Problem to solve:
In the records below, the line with "this 1360×1530 image." opens the range and the line with "this 2048×1536 image." closes it; print that range exactly and nothing else.

Provided material:
- - - - - - -

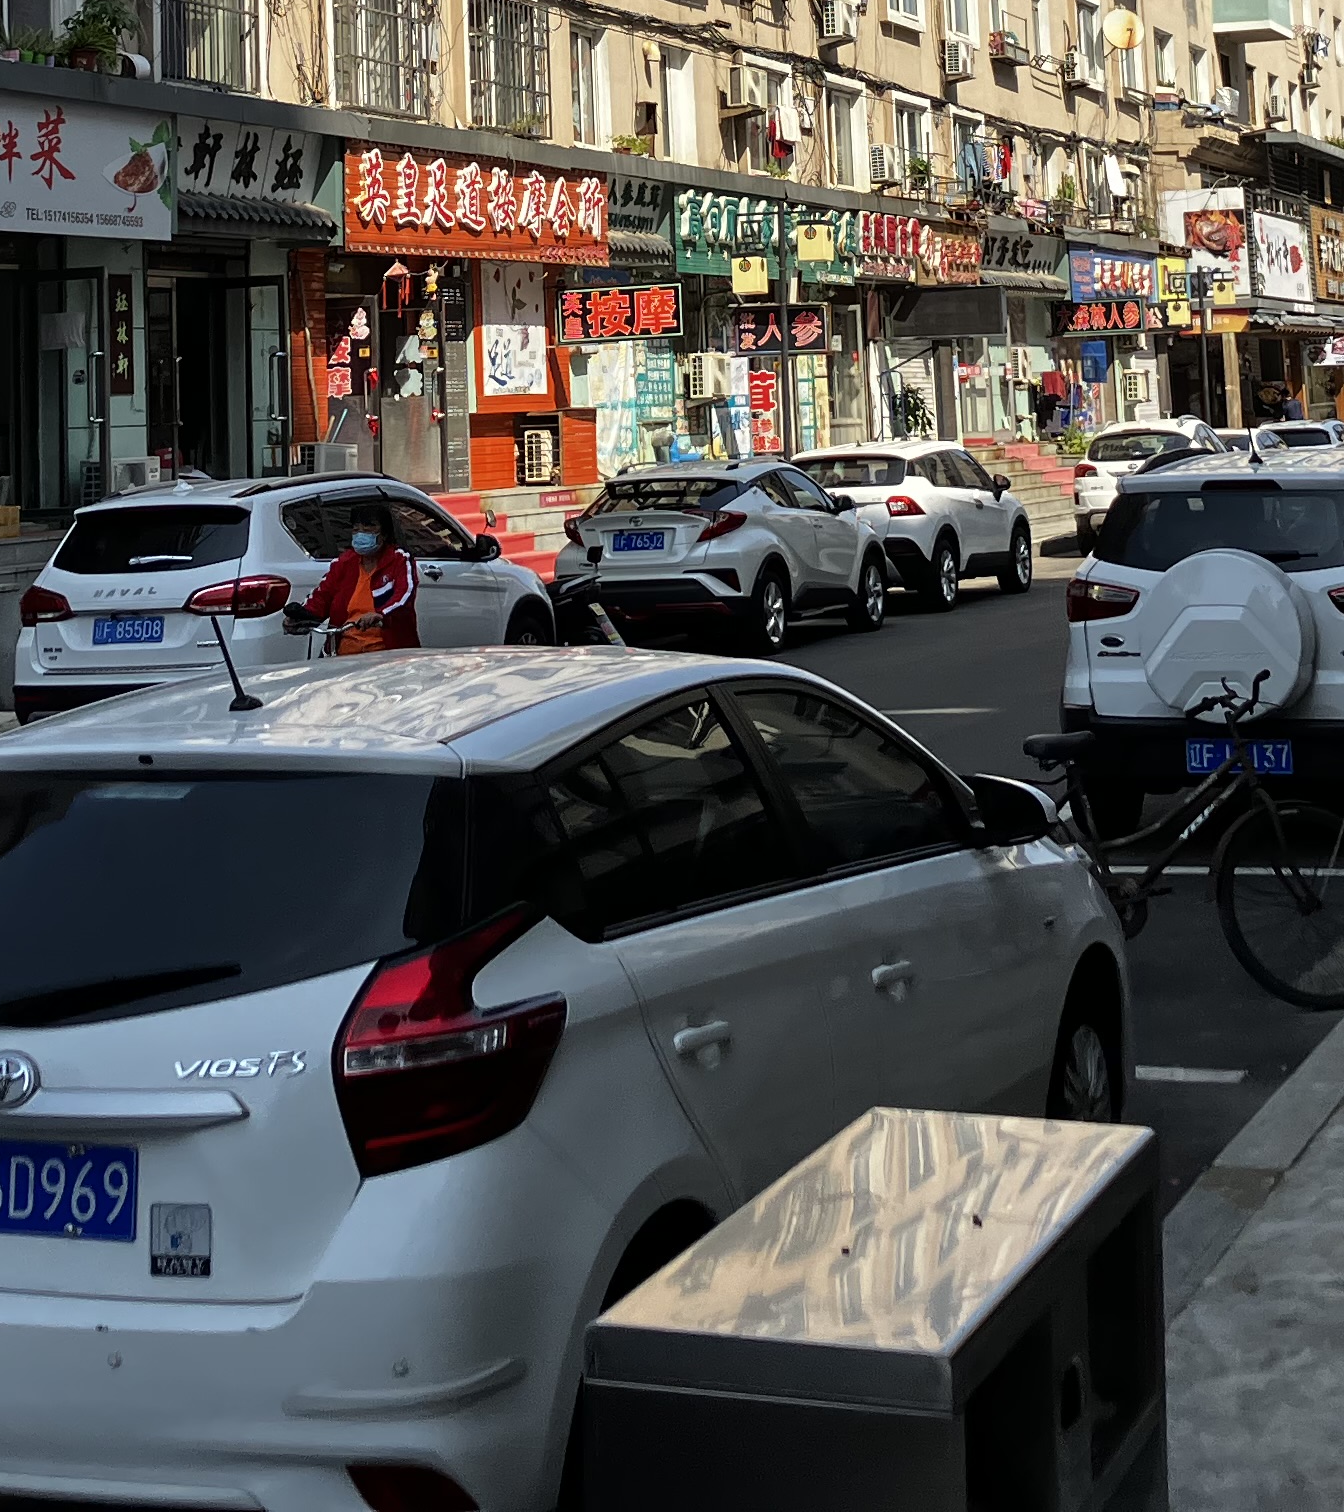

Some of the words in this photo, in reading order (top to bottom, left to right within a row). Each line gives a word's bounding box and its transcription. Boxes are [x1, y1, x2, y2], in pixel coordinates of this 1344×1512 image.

- - - - - - -

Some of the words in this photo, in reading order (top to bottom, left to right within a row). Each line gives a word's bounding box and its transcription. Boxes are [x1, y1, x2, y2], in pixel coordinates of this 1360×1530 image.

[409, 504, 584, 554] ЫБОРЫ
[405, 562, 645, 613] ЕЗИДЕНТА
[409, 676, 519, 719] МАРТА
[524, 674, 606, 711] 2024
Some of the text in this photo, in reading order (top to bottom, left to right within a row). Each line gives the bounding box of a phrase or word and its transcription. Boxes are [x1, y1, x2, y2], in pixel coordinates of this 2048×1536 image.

- - - - - - -

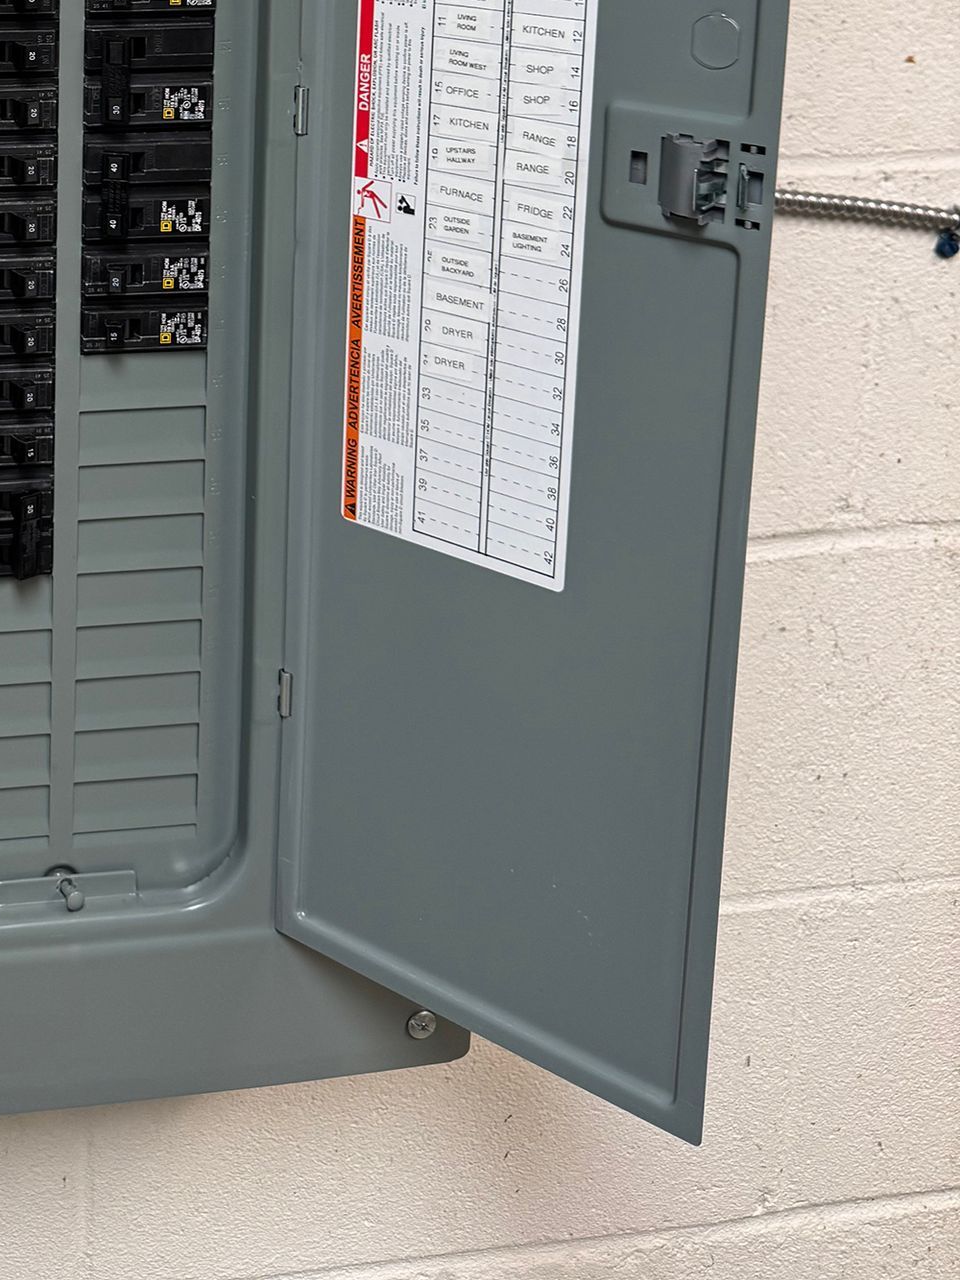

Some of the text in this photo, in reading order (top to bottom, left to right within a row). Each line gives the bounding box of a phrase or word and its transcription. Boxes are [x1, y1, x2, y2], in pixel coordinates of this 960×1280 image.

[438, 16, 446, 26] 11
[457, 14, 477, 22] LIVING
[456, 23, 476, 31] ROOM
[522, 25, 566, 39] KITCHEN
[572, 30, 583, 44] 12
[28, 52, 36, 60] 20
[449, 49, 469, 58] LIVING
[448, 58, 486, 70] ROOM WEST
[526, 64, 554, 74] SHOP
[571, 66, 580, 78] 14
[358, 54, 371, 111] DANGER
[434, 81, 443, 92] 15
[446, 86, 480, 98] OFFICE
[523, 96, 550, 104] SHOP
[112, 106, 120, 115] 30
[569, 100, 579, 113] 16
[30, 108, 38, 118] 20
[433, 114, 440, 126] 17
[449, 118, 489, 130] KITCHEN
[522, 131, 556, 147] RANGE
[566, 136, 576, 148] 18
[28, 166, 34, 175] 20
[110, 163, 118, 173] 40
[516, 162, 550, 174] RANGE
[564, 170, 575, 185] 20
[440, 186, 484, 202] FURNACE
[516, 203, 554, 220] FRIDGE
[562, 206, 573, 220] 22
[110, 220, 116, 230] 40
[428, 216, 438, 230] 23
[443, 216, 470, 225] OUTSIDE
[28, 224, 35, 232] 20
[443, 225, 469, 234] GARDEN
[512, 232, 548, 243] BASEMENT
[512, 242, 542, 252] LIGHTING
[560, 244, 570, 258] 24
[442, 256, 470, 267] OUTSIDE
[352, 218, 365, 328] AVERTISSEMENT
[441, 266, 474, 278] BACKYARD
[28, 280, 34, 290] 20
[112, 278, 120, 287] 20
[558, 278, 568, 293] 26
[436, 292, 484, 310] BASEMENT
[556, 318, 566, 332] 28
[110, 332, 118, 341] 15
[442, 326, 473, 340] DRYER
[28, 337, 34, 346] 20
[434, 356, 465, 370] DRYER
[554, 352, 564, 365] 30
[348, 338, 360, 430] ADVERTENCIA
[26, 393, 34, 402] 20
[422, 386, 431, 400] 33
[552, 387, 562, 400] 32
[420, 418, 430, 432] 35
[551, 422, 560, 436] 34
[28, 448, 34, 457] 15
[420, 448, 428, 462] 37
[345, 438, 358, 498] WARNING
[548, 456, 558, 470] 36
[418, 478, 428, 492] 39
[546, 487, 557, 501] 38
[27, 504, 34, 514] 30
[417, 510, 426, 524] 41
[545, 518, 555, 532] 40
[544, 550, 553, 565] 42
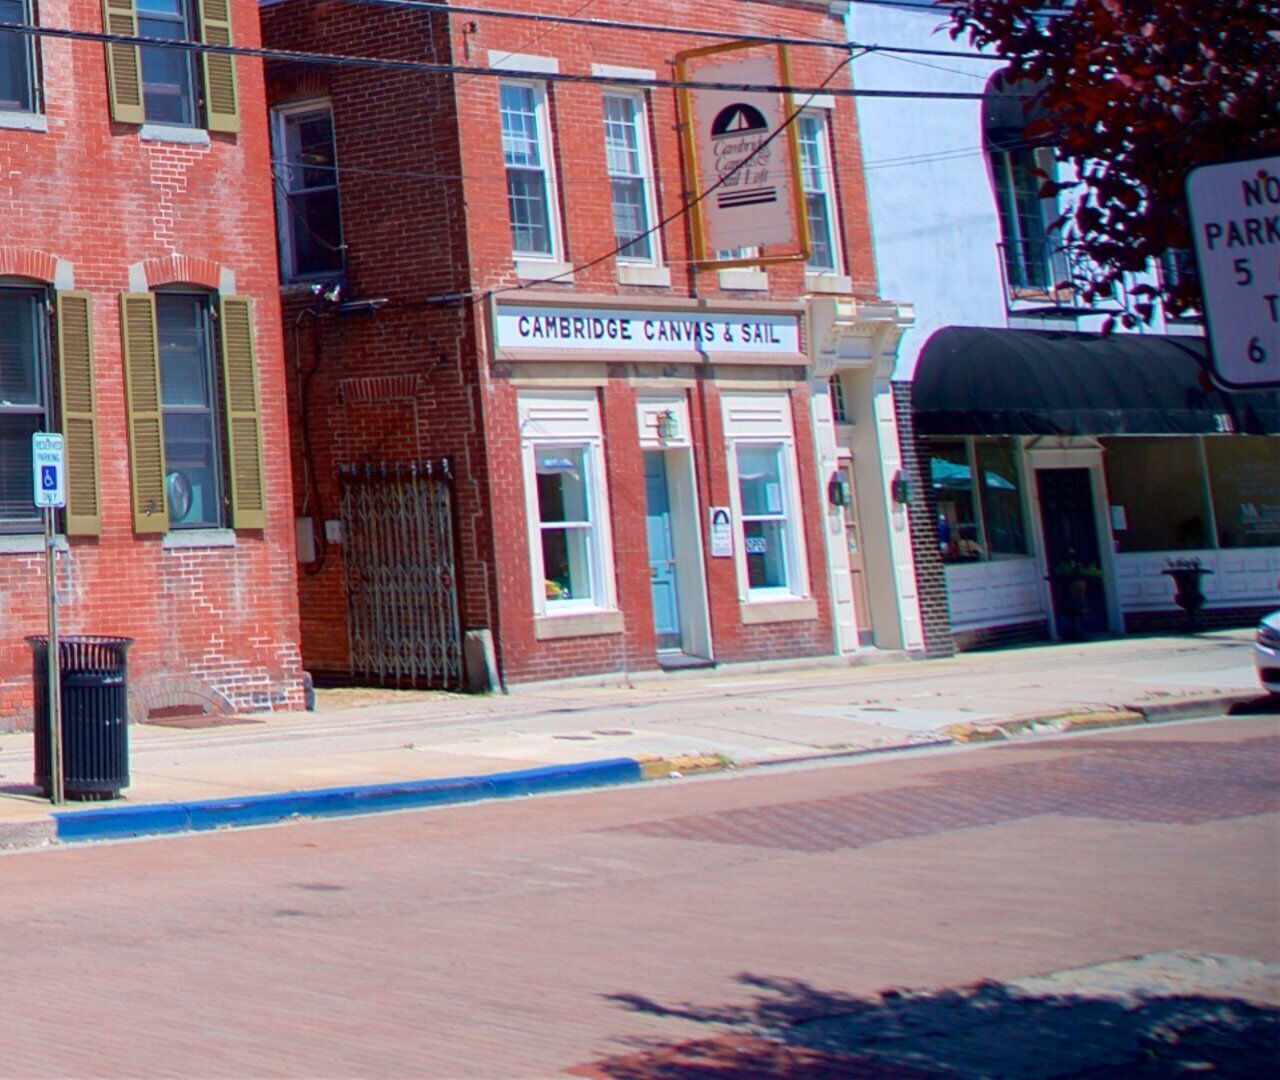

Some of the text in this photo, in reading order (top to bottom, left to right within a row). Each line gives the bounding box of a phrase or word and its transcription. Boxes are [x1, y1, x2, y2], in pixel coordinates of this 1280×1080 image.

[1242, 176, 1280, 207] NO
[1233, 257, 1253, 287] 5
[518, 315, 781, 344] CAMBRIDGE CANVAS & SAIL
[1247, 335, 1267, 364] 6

- - - - - - -

Solution below:
Some of the words in this photo, in reading order (top to bottom, left to right within a row). Each line gives a word's bounding box and its transcription. Boxes are [x1, y1, x2, y2], in pixel coordinates of this 1360×1530 image.

[409, 504, 584, 554] ЫБОРЫ
[405, 562, 645, 613] ЕЗИДЕНТА
[409, 676, 519, 719] МАРТА
[524, 674, 606, 711] 2024
Some of the text in this photo, in reading order (top to bottom, left to right within a row). Each line gives the bounding box of a phrase or word and its transcription. Boxes are [x1, y1, x2, y2], in pixel coordinates of this 2048×1536 image.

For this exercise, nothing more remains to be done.